Piraeus Railway Works
- Type: Subsidiary
- Industry: Rail transport
- Founded: 1813; 213 years ago
- Headquarters: Thessaloniki, Greece
- Area served: Worldwide
- Products: Locomotives High-speed trains Intercity and commuter trains Trams People movers Signalling systems

= Piraeus Railway Works =

Rolling stock manufacturer

Early development of railway transport in Greece involved a number of different companies, which had created their own workshops for maintenance and constructions.

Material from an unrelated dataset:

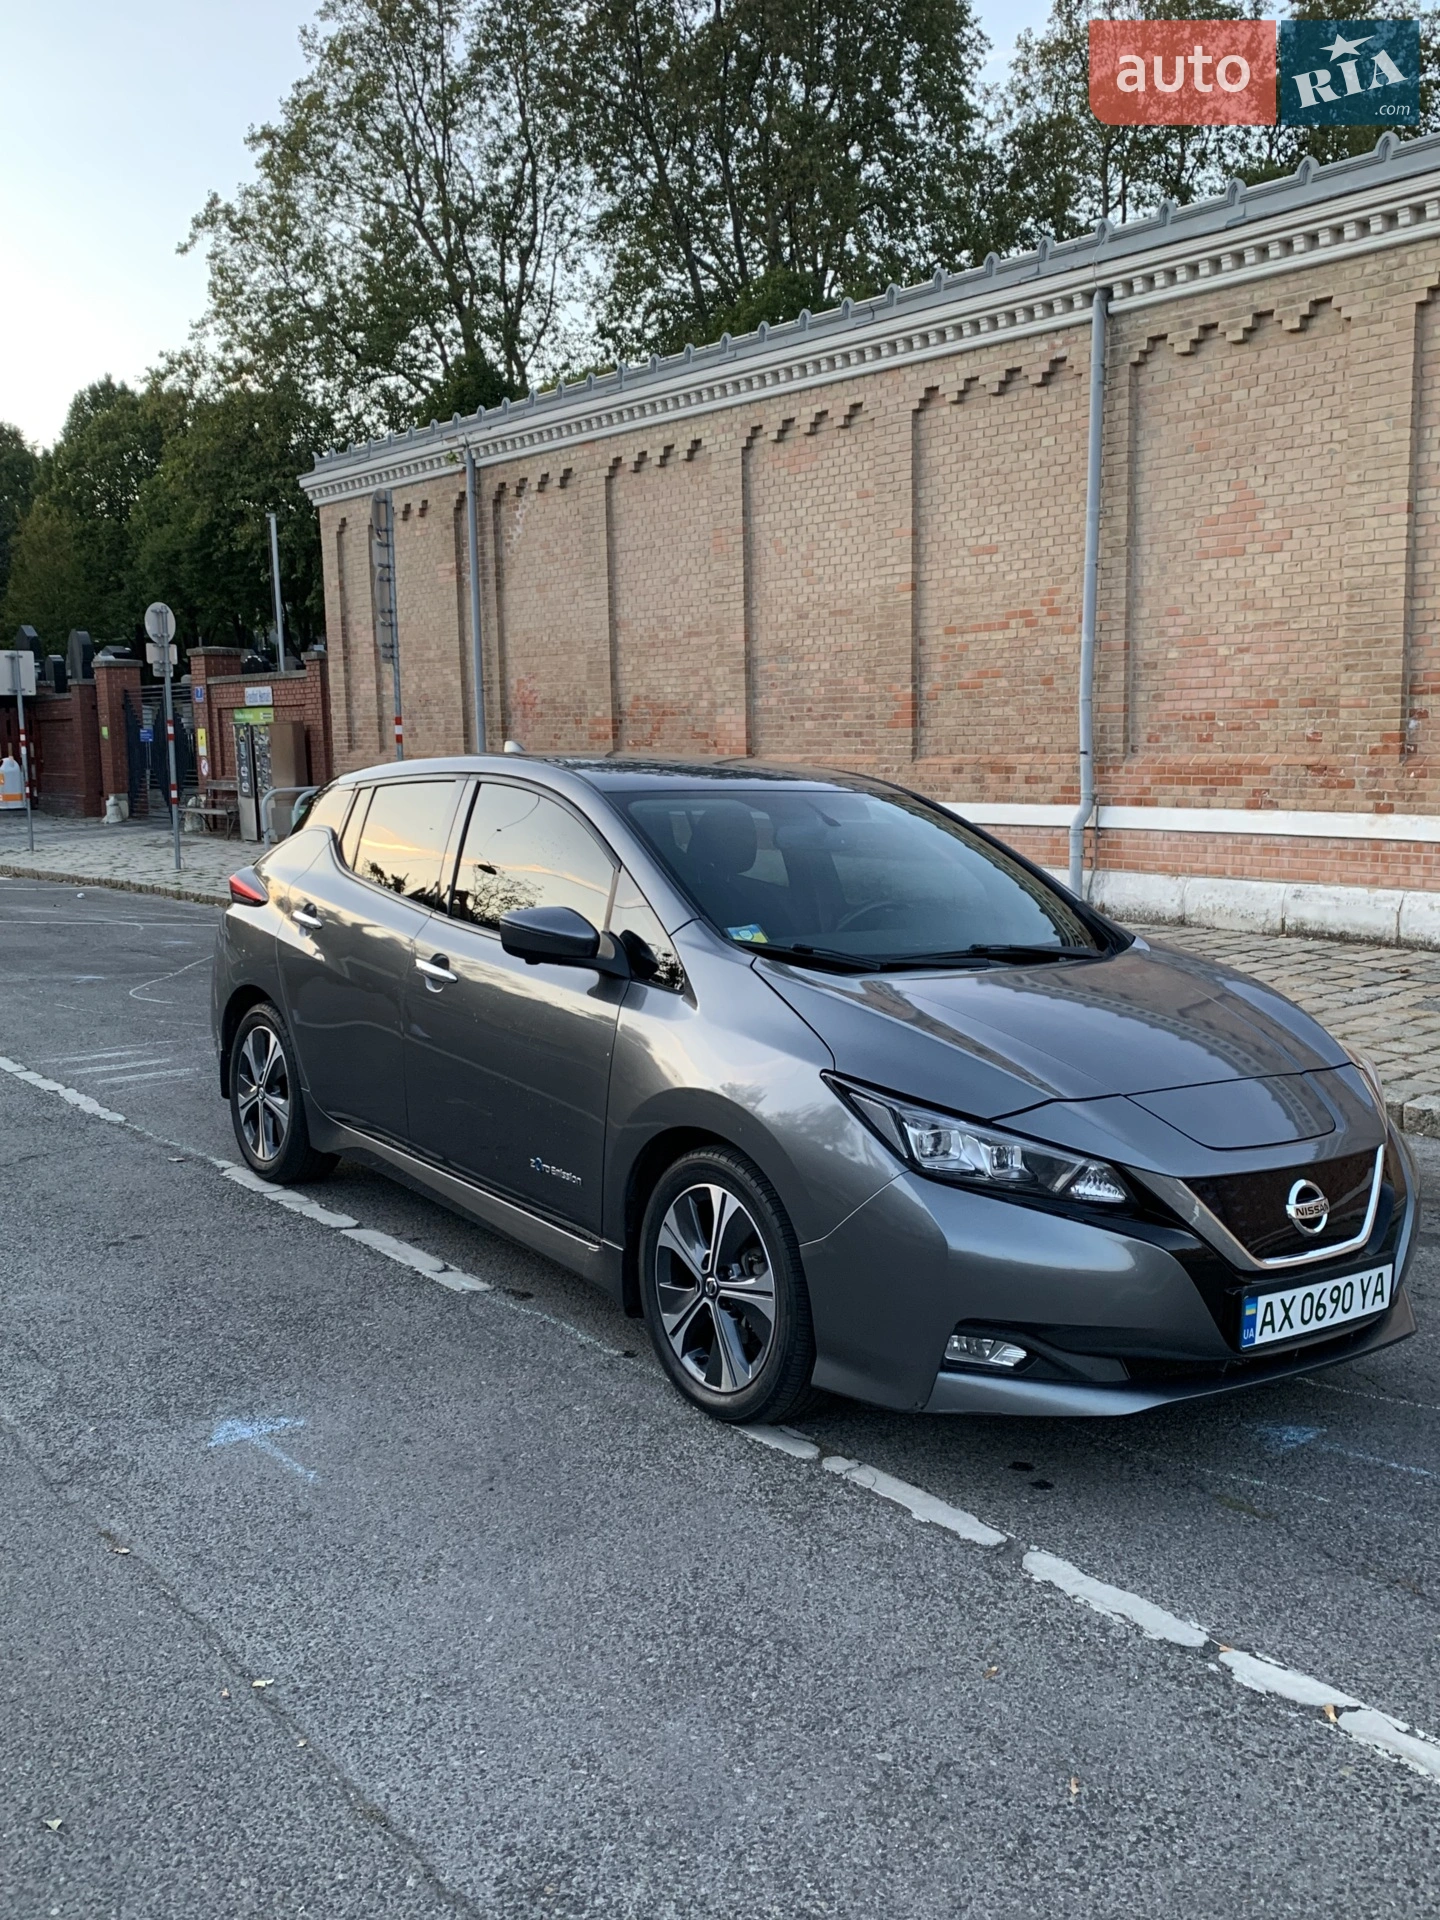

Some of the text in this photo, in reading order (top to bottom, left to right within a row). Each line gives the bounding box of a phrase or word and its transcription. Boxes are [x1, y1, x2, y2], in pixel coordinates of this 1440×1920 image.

[1295, 1202, 1330, 1217] NISSAN
[1259, 1271, 1385, 1337] AX 0690 YA
[1243, 1328, 1255, 1340] UA

The most important were Railway Works in Piraeus, originally operated by Athens-Piraeus Railways (SAP, which later transformed into Hellenic Electric Railways, EIS), and Piraeus, Athens and Peloponnese Railways (SPAP, forerunner of OSE), which, in addition to maintenance, repair and rebuilding, have entirely constructed a significant number of railroad cars, mostly between 1880 and 1960. Other noteworthy constructions included 12 electric rail cars in 1923 (on Belgian designs) and the rebuilding of rolling stock destroyed by allied bombing in 1944, a small number of electric trams (clearly copies of a Dick Kerr model) built by EIS in 1939, a small locomotive built by SPAP in 1953 for the Diakopto-Kalavryta rack railway (on French designs) and one of Greece's first Diesel locomotives, designed and built by SPAP in 1961.

The "crown jewel" of the Piraeus Works was the royal wagon, built in 1888 as a present to King George I of Greece. The luxurious vehicle was so admired, that an entire engineering project was organized in order to transport and present it in the 1888 "Olympia Fair" held in Zappeion. It survives to date, exhibited in the Railway Museum of Athens.